How to identify phishing email
Identifying phishing emails use to be straightforward as most emails usually come with wrong spellings and bad grammar but as hackers continue to refine their works and attacks become more sophisticated, phishing emails can only be identified by its features.
Below are key features of a phishing email.
1. Subject Line – Phishing emails typically aim to employ scare tactics by using intense words to create some sort or urgency, this is done to induce the recipient into responding quickly, without recognizing the signs of a scam.
2. From field – To work, phishing campaigns must trick the email recipient into believing that the message is from a reputable company. As such, the email will appear to come from a legitimate entity within a recognized company, such as customer support. Upon closer look, however, you can see that both the name of the sender and the sender’s email address is a spoof on a known brand, not a real vendor.
3. To Field – Phishing emails are usually not personalized, they are addressed as user/customer which is a red flag, and most organizations refer to customers by name when addressing critical issues.
4. Email Body – Similar to the subject line, the body of the email also employs scare tactics, urging you to either click on a link, respond to an email, download an attachment or call a telephone number.
5. Malicious Link – A suspicious link is one of the main giveaways of a phishing email. These links are often shortened (through bit.ly or a similar service) or, as above, are formatted to look like a legitimate link that corresponds with the company and message of the fake email. However, rolling over the link shows a malicious address that doesn’t take you to the stated web address.

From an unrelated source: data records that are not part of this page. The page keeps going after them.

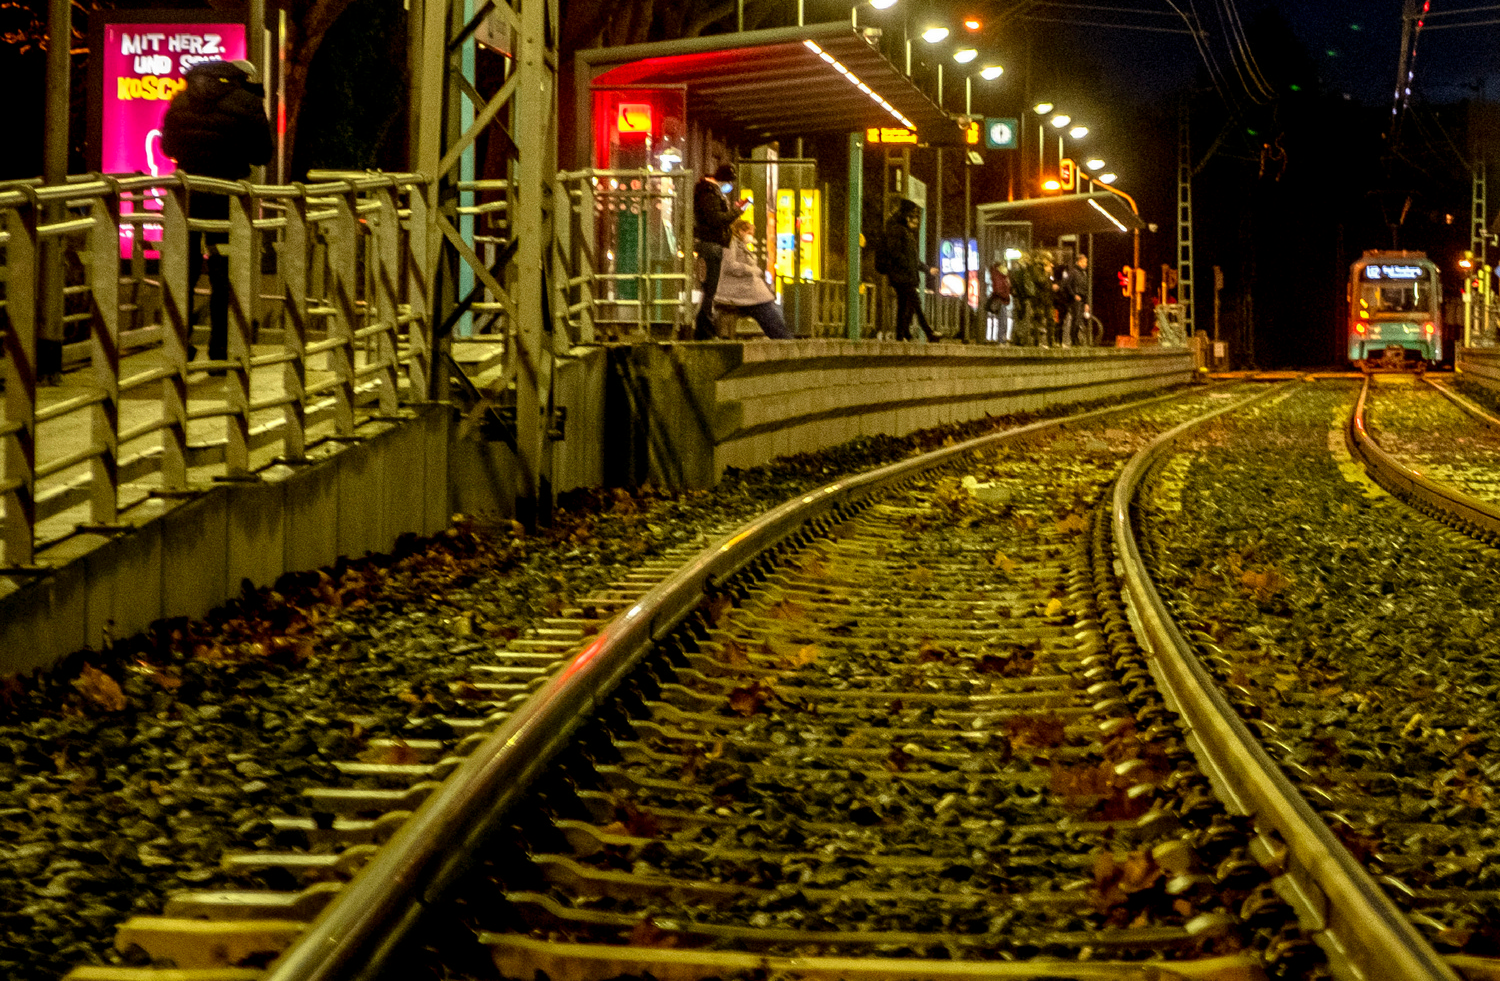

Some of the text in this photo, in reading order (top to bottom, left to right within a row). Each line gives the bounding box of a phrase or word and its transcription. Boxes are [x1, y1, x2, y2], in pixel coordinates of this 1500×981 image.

[121, 33, 226, 55] MIT HERZ.
[133, 54, 172, 75] UND
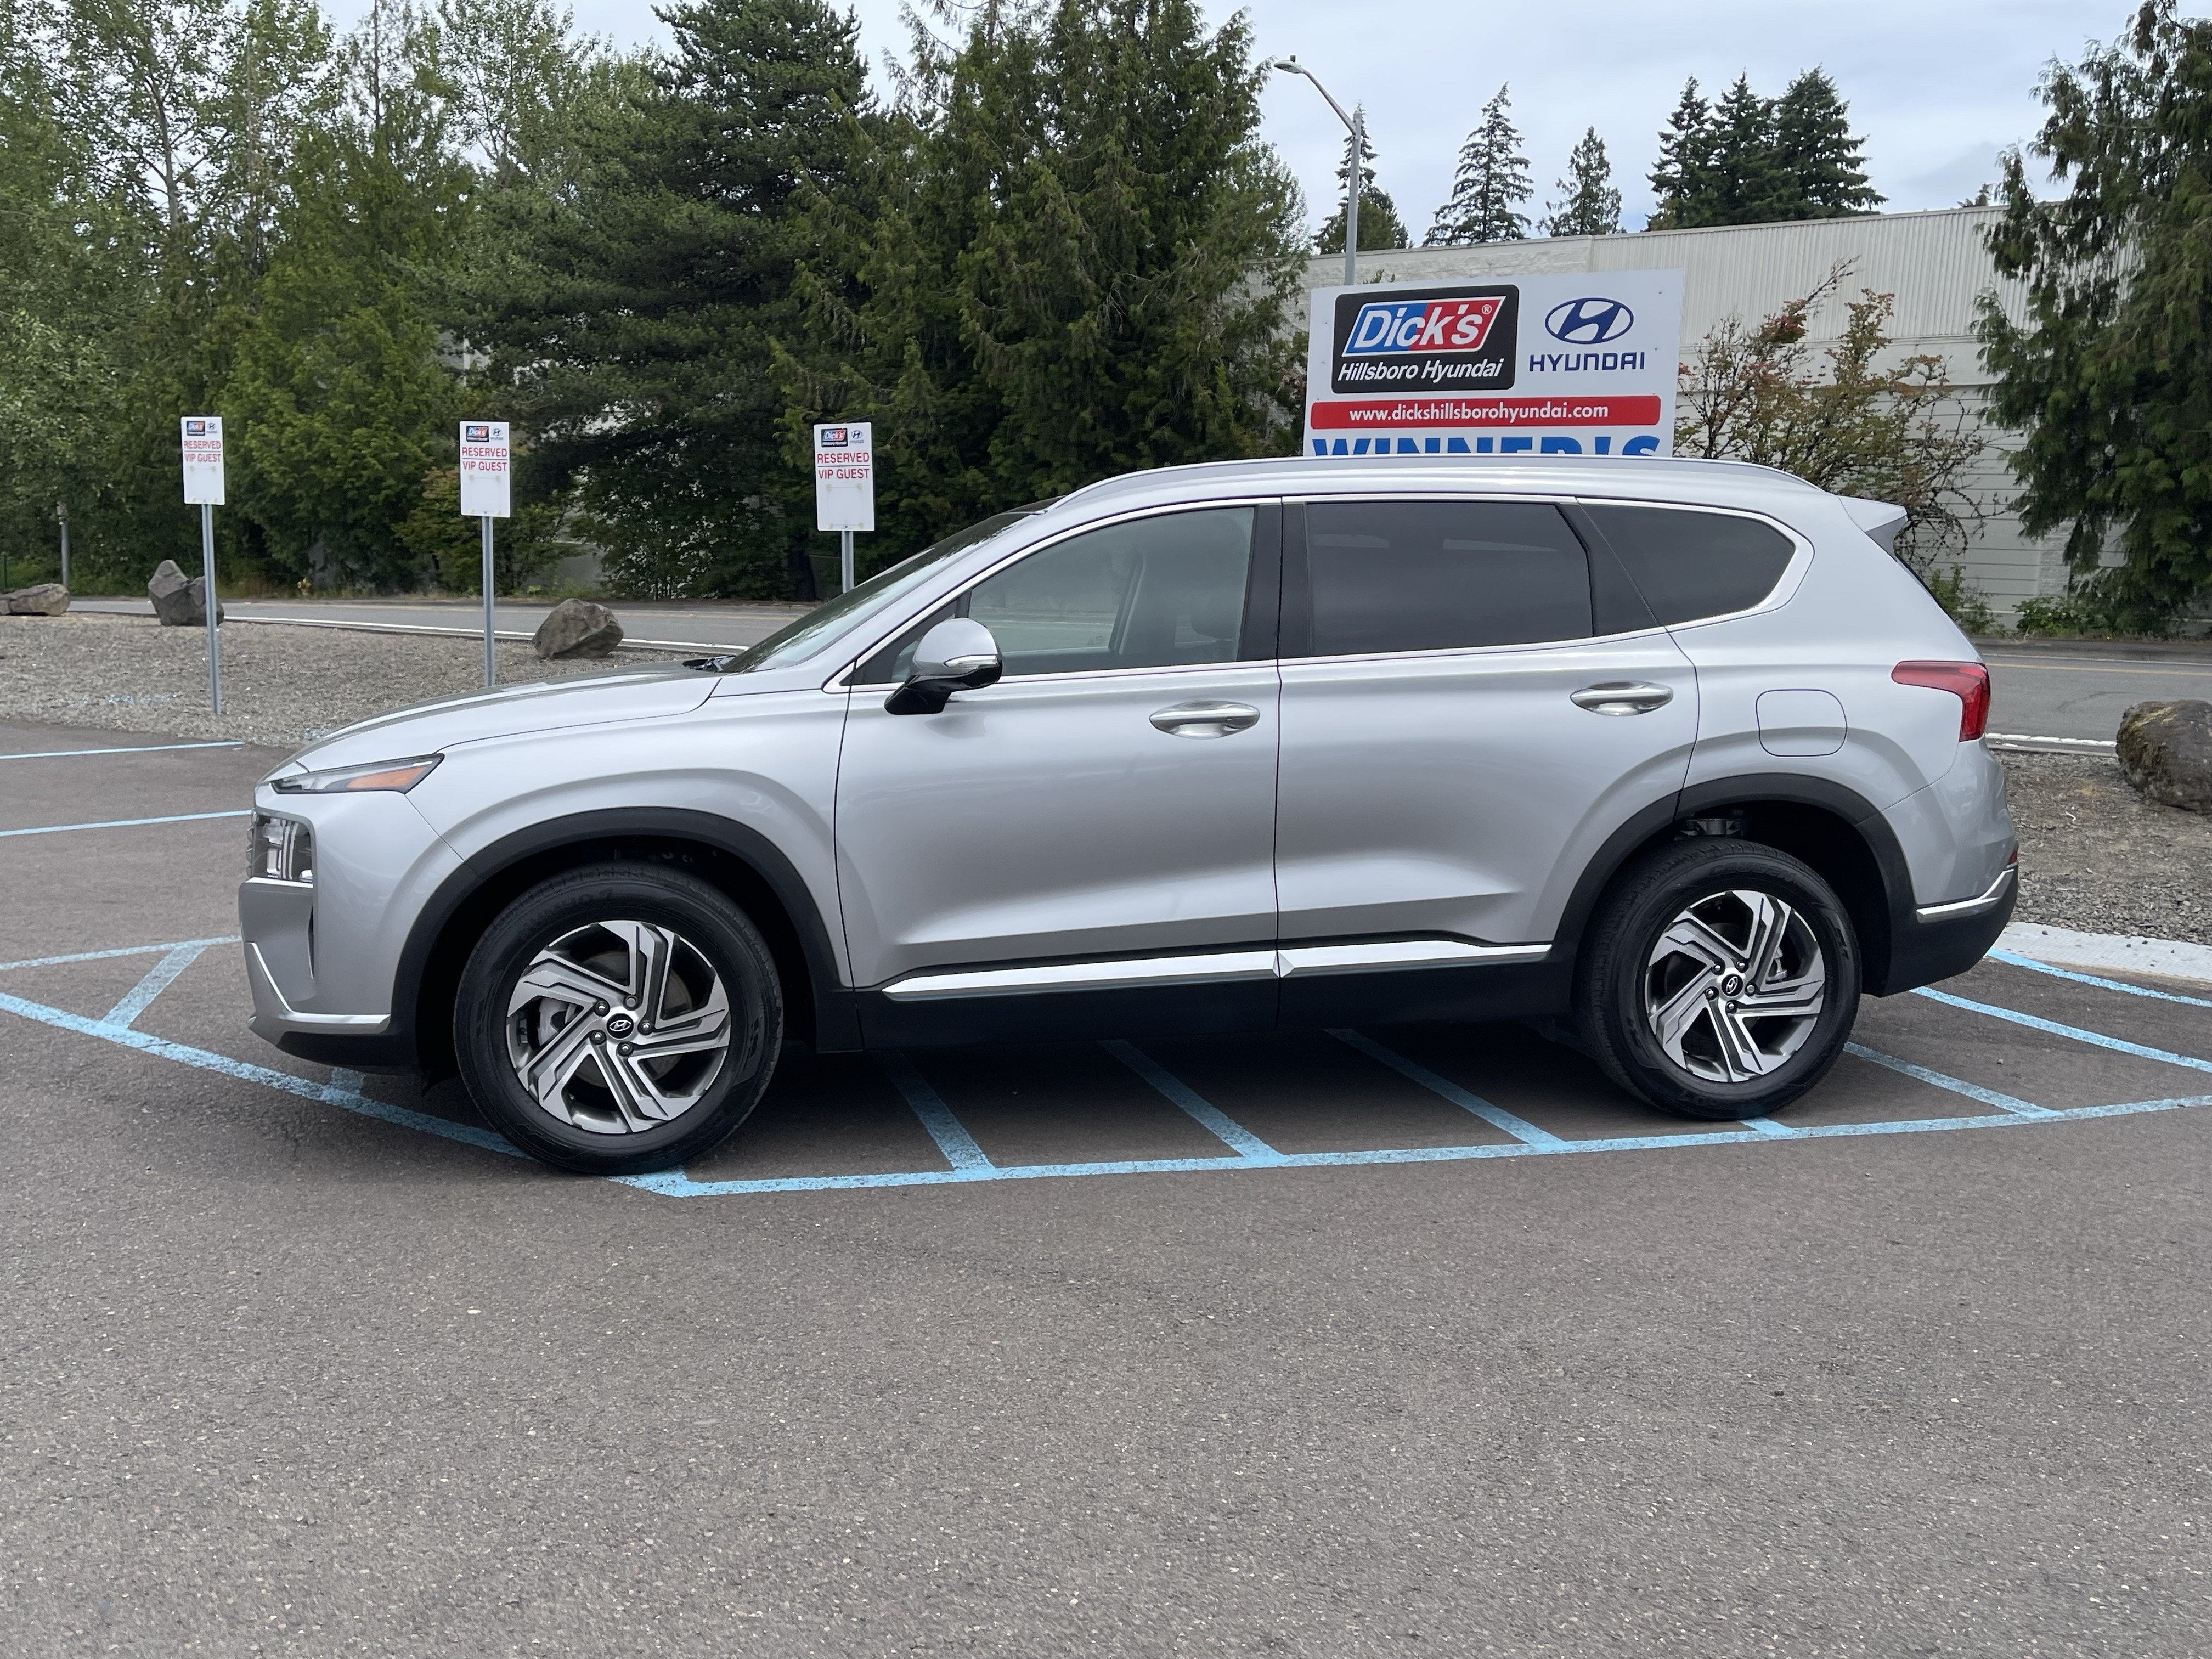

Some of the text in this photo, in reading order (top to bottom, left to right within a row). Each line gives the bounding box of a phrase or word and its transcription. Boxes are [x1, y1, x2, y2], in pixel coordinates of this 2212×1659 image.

[1530, 352, 1645, 372] HYUNDAI
[1338, 358, 1504, 383] Hillsboro Hyundai
[1350, 402, 1609, 424] www.dickshillsborohyundai.com
[184, 441, 221, 449] RESERVED
[462, 447, 507, 457] RESERVED
[184, 454, 221, 462] VIP GUEST
[817, 452, 870, 464] RESERVED
[462, 461, 507, 471] VIP GUEST
[818, 469, 870, 479] VIP GUEST

6. Attachment – Including malicious attachments that contain viruses and malware is a common phishing tactic. Malware can damage files on your computer, steal your passwords or spy on you without your knowledge. Don’t open any email attachments you weren’t expecting.
How to prevent Phishing
There are several things one can do to prevent a successful phishing attack. As its name implies, this is when hackers go about fishing for data with enticing emails, texts and or websites with the intended goal of gaining valuable information.

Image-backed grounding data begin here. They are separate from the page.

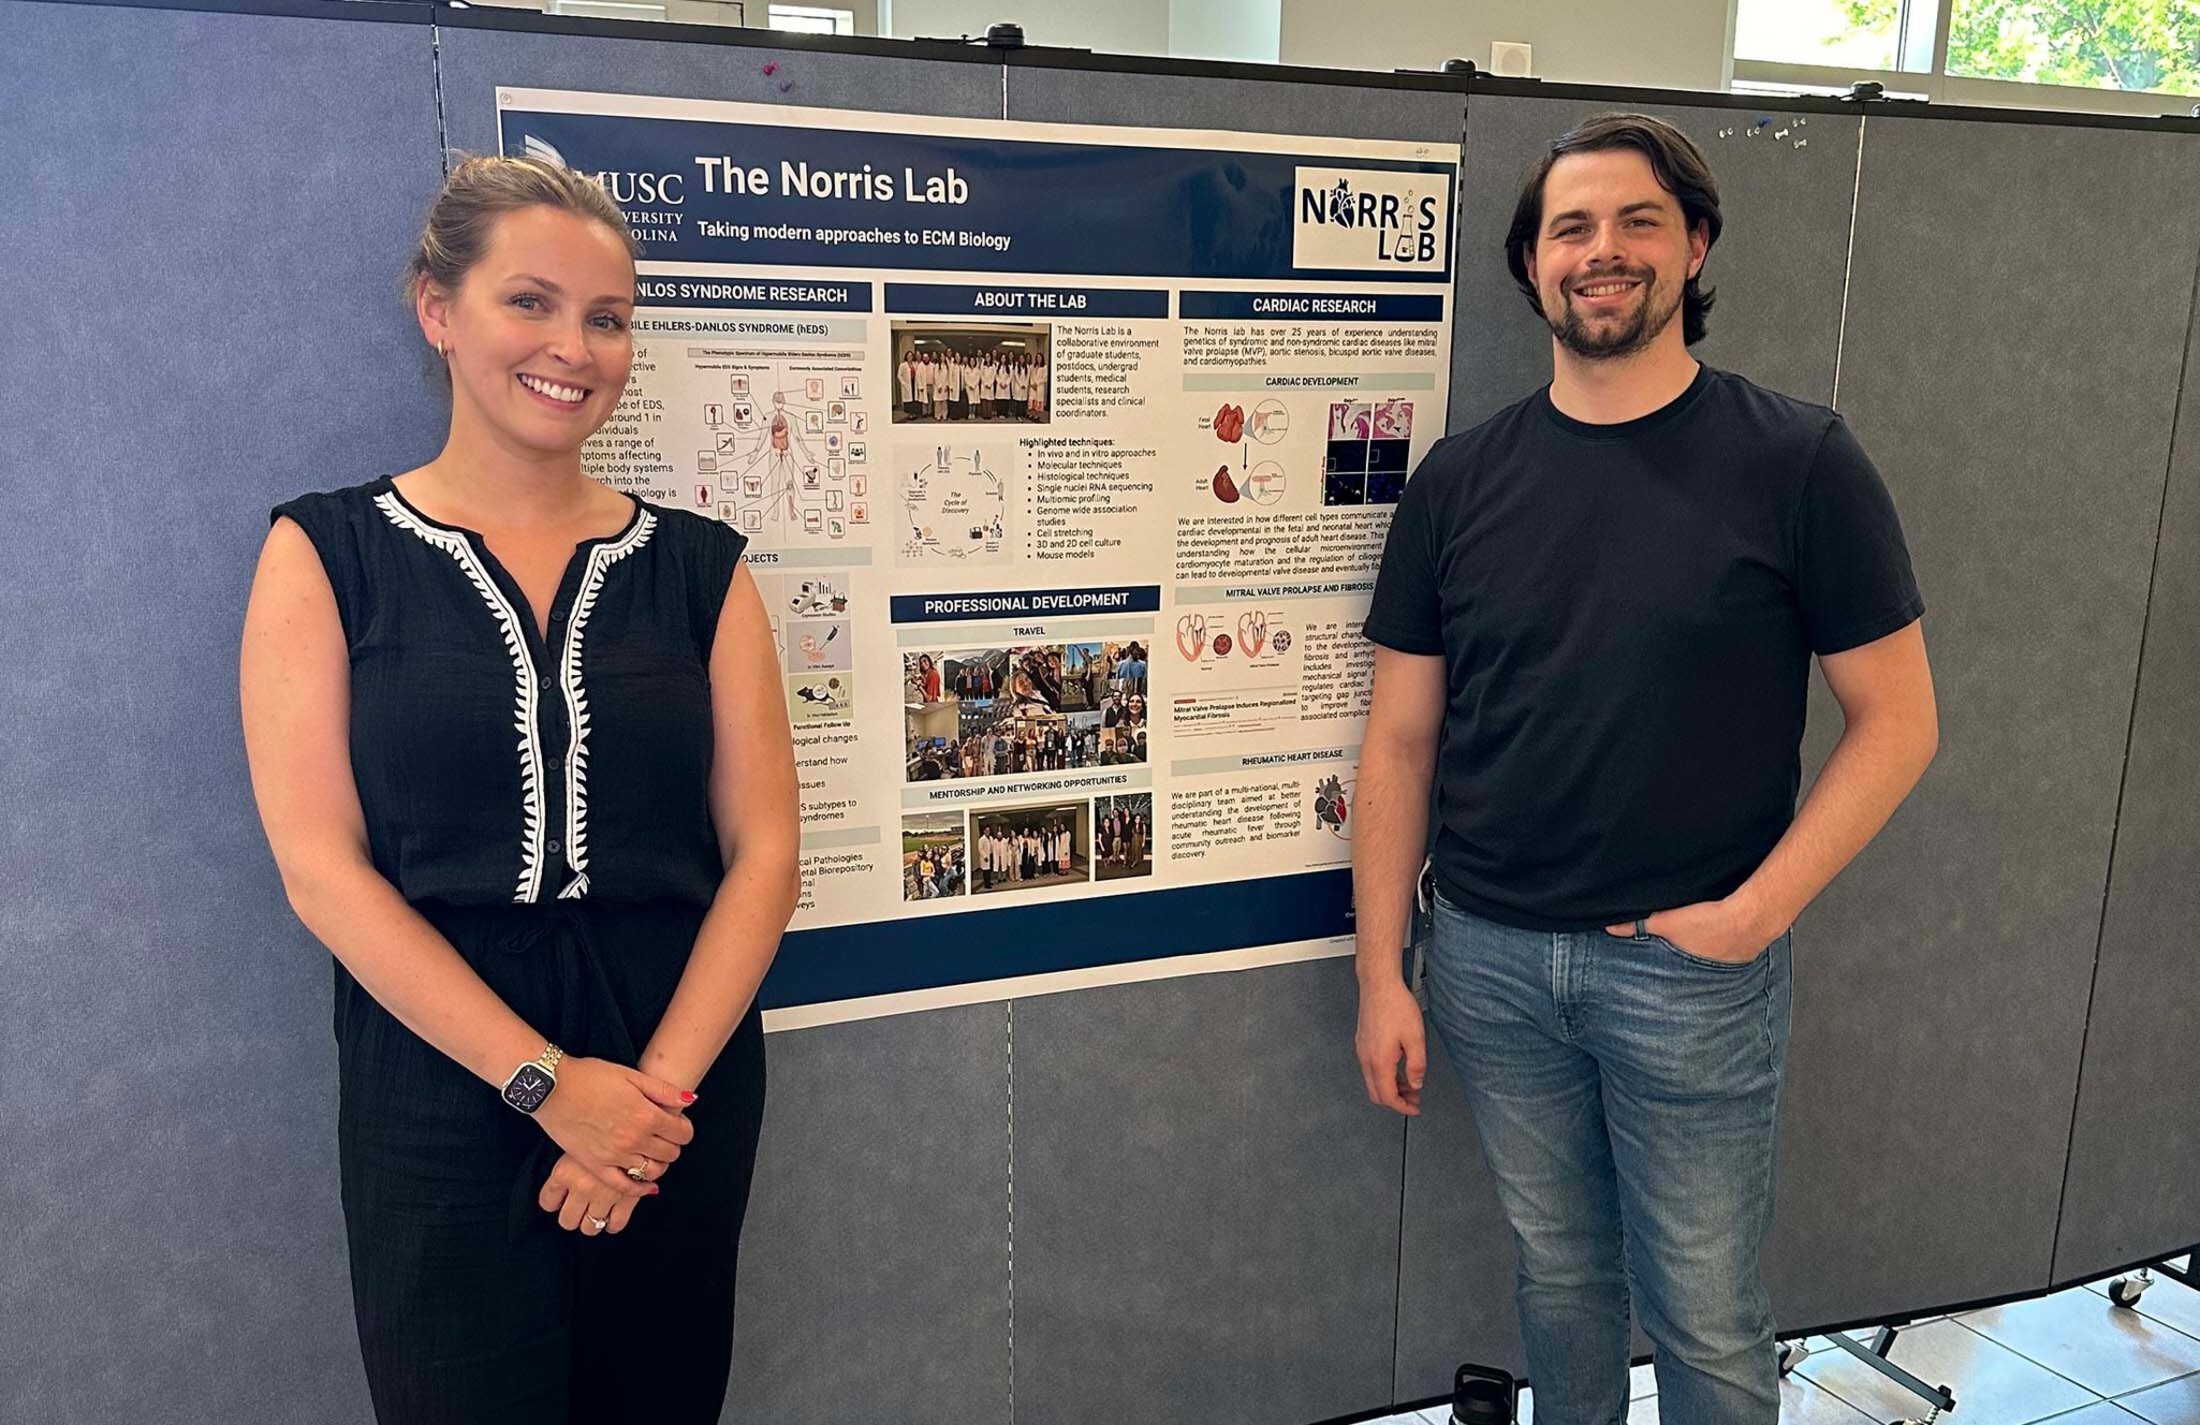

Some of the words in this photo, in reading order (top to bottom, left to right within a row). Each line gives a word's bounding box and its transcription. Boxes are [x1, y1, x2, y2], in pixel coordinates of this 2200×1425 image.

[695, 156, 769, 194] The
[781, 161, 893, 200] Norris
[905, 168, 967, 204] Lab
[621, 211, 684, 225] VERSITY
[630, 229, 678, 241] OLINA
[698, 220, 749, 241] Taking
[752, 223, 811, 240] modern
[815, 227, 900, 244] approaches
[904, 230, 919, 244] to
[922, 230, 955, 245] ECM
[958, 231, 1010, 251] Biology
[636, 282, 677, 298] NLOS
[680, 283, 766, 299] SYNDROME
[769, 286, 847, 301] RESEARCH
[974, 292, 1024, 306] ABOUT
[1027, 293, 1056, 307] THE
[1058, 294, 1086, 308] LAB
[1252, 298, 1309, 312] CARDIAC
[1311, 299, 1376, 312] RESEARCH
[651, 320, 736, 332] EHLERS-DANLOS
[738, 322, 794, 333] SYNDROME
[796, 324, 828, 336] (hEDS)
[1057, 325, 1072, 334] The
[1074, 326, 1099, 335] Norris
[1100, 326, 1116, 335] Lab
[1117, 326, 1125, 335] is
[1056, 338, 1108, 347] collaborative
[1110, 339, 1159, 347] environment
[1056, 349, 1065, 358] of
[1066, 350, 1103, 360] graduate
[1104, 350, 1141, 360] students,
[1056, 361, 1096, 371] postdocs,
[1097, 362, 1138, 372] undergrad
[1056, 373, 1094, 384] students,
[1094, 373, 1127, 382] medical
[1265, 377, 1301, 385] CARDIAC
[1302, 377, 1358, 385] DEVELOPMENT
[1056, 385, 1093, 394] students,
[1094, 385, 1129, 394] research
[630, 399, 640, 409] of
[642, 399, 664, 410] EDS,
[1056, 397, 1099, 406] specialists
[1100, 396, 1116, 405] and
[1117, 396, 1145, 405] clinical
[608, 411, 642, 422] around
[614, 439, 642, 449] range
[1018, 438, 1067, 448] Highlighted
[1068, 437, 1115, 447] techniques:
[618, 450, 661, 462] affecting
[1038, 450, 1046, 458] In
[1110, 448, 1156, 458] approaches
[606, 463, 631, 474] body
[632, 464, 673, 474] systems
[1037, 460, 1077, 469] Molecular
[1078, 460, 1122, 470] techniques
[614, 476, 632, 485] into
[634, 475, 650, 484] the
[1037, 471, 1084, 482] Histological
[1086, 471, 1129, 481] techniques
[632, 487, 666, 499] biology
[1036, 483, 1062, 494] Single
[1064, 483, 1088, 492] nuclei
[1108, 482, 1153, 492] sequencing
[1036, 493, 1077, 503] Multiomic
[1078, 493, 1110, 504] profiling
[1036, 506, 1070, 514] Genome
[1092, 505, 1137, 513] association
[1036, 517, 1066, 526] studies
[1036, 528, 1052, 537] Cell
[1053, 528, 1093, 537] stretching
[1036, 540, 1048, 548] 3D
[1049, 539, 1065, 548] and
[1066, 539, 1077, 547] 2D
[1078, 539, 1093, 547] cell
[1094, 538, 1121, 546] culture
[742, 554, 778, 563] OJECTS
[1064, 549, 1094, 558] models
[1256, 587, 1280, 595] VALVE
[1282, 585, 1322, 594] PROLAPSE
[1322, 584, 1339, 592] AND
[1340, 582, 1375, 591] FIBROSIS
[924, 596, 1029, 613] PROFESSIONAL
[1032, 592, 1129, 608] DEVELOPMENT
[1013, 626, 1045, 635] TRAVEL
[822, 734, 858, 743] changes
[829, 756, 848, 764] how
[1242, 754, 1285, 765] RHEUMATIC
[1286, 752, 1311, 761] HEART
[1312, 749, 1342, 759] DISEASE
[929, 787, 985, 799] MENTORSHIP
[986, 785, 1005, 794] AND
[1006, 780, 1062, 792] NETWORKING
[1063, 775, 1127, 788] OPPORTUNITIES
[808, 801, 846, 810] subtypes
[813, 853, 863, 865] Pathologies
[818, 863, 873, 875] Biorepository

There are some very specific things that individuals can do in order not to fall a victim of this attack.
1 Always double check before clicking on any link in an email.
2 Be cautious about opening email if you don’t recognize the sender.
3 Look at the subject line and check for typos or incorrect information.
4 Be wary of emails asking for your Credit Card or other confidential information
5 Never respond to requests for personal information via e-mail.
6 Check to make sure the Web site is using encryption
7 Only visit Web sites by typing the URL into your address bar or using your favorites
8 Use of 2FA authentication on accounts where possible
9 Be suspicious of pop-ups and pop-unders.
10 Be suspicious of email attachments from known and unknown sources.
This boil down to a simple, yet often difficult things to do, be a bit paranoid about anything you can click on or anyone you could talk to. If it sounds too good or too bad to be true, it probably is.
For organisations, in addition to the above recommendations, the following are also recommended as it serves as good practice.
• Regular cybersecurity awareness training.
• Authenticate email senders using Domain-based Message Authentication, Reporting and Conformance (DMARC).
• Filter for phishing emails based on sender, content, and analyse URLs and attachments for malicious codes.
• Filter for phishing email and malicious web traffic at the gateway.